In Valencia, Spain it is the beginning of the Spring Fiesta and Chief Inspector Max Cámara is unhappy. At the last minute he has been forced to stand in for his boss as the honorary master of ceremonies for the day’s bullfight. Cámara despises bullfighting. But he performs the duty with competence if not enjoyment and is relaxing in a nearby bar afterwards when word reaches him that Jorge Blanco, the matador who had so masterfully beaten the bull in the day’s fight, has been found dead. In charge of the investigation Cámara struggles with his own personal demons, office and city politics and a plethora of potential suspects in his quest to solve the case.

Blanco was famous and much-loved, almost single-handedly responsible for reviving the city’s interest in bullfighting. Is that why he was killed? There are local elections due in which one party has made the banning of bullfighting its top priority which could have prompted someone to want Blanco out of the way. But the fighter’s personal life is also ripe ground for suspects as there are rumours about his sexuality which seem at odds with his engagement to a much-loved entertainer.

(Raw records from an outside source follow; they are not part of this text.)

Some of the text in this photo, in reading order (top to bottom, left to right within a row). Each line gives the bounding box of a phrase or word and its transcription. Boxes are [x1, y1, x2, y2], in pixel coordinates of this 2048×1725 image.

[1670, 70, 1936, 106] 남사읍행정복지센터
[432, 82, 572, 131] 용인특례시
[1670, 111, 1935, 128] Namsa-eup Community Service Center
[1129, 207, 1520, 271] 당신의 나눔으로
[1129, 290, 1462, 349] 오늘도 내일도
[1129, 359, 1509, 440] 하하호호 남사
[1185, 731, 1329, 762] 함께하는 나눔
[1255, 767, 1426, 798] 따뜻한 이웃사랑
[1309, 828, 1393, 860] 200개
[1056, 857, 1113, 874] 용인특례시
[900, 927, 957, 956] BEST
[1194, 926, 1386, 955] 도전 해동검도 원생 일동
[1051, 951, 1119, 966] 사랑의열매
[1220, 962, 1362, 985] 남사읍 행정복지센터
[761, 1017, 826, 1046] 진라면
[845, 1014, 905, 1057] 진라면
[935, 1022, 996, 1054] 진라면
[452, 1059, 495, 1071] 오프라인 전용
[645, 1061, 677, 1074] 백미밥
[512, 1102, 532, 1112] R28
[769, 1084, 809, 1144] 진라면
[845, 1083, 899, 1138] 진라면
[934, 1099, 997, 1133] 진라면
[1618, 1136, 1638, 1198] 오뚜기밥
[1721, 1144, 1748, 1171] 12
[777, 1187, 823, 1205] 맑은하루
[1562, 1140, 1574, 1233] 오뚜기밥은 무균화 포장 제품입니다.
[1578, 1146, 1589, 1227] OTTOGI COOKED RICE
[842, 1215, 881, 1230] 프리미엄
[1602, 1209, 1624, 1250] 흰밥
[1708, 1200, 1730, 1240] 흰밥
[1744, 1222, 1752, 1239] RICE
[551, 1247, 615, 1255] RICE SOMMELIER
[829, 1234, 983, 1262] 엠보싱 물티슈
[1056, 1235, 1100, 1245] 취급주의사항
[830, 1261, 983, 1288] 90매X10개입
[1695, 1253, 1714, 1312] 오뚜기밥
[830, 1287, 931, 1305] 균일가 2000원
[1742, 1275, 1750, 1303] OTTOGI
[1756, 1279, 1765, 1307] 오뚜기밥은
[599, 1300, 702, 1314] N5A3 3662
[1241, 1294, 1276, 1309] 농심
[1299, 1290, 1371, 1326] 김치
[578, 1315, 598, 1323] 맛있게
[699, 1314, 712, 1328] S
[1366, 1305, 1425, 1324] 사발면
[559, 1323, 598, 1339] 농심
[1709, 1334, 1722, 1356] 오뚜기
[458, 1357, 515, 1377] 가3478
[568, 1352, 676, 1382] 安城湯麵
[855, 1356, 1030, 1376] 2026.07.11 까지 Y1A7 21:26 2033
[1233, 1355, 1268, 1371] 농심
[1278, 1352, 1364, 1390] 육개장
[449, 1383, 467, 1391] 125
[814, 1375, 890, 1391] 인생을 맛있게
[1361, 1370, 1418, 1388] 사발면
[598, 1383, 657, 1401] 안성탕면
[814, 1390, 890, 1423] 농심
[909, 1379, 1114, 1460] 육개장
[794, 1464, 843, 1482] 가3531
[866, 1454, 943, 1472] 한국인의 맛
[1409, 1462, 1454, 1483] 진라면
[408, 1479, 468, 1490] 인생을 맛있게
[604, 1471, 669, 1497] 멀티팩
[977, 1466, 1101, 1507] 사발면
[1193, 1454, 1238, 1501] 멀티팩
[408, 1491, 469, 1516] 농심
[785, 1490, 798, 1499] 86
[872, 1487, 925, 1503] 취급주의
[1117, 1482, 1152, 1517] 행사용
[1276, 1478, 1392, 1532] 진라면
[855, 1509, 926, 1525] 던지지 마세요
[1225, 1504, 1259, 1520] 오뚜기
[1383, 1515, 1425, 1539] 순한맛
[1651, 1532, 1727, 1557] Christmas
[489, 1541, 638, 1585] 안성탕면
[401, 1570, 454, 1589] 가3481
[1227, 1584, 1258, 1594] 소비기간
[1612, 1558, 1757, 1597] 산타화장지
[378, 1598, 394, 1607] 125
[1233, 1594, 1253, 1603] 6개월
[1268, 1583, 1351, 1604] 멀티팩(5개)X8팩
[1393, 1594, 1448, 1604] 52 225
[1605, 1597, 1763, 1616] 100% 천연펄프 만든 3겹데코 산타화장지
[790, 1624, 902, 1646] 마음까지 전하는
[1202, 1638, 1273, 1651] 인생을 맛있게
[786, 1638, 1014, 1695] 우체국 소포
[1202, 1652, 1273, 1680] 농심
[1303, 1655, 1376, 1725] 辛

Surprisingly, to me, the thing I enjoyed most about this book was its richly depicted setting which included more information about bullfighting than I could ever have anticipated being intrigued by. Which is why it is sometimes good to read things you think you might not like. Webster, who is not a native Spaniard but has lived there for twenty years and has published several highly acclaimed travel books about the country, really does bring the city alive for the reader with quite lyrical descriptions of the city, the festival, the food and the bullfighting. Early on Cámara meets a female journalist who is so much an acknowledged expert about the sport that she was the only reporter who had ever interviewed Jorge Blanco. She and Cámara debate the merits, or lack thereof, of the sport and she fills him in on any history and symbolism that might be relevant to his investigation and it is these exchanges that allow readers to absorb information about a subject most of them probably know little about. I really liked the way this was done, especially they way it enabled Webster to present both sides of the debate without being judgemental.

The rest of the book was not quite as successful for me. I was not as taken by the character of Max Cámara as other reviewers seem to have been which of course is a highly personal thing. Perhaps I have had my fill of alcoholic detectives who argue with their superiors and are, in the end, fairly self-absorbed (in this instance Cámara’s inner life revolves around his worries over his fertility which I literally could not have cared less about). Ultimately I didn’t find him quite engaging enough to care that much whether he survived the ever-looming threat of dismissal but I can’t say he was a badly drawn character, merely one that did not appeal very much to me. I found the female characters who included Blanco’s fiancée Carmen, the journalist and Cámara’s girlfriend a little flat and forgettable though I can’t really put my finger on a reason for this.

As a mystery the novel mostly worked although the ending was a bit too contrived for my liking but that is a fairly common experience for me. I think writing believable but engaging endings must be very very hard. However the investigation itself was suspenseful and kept me guessing in just the right way.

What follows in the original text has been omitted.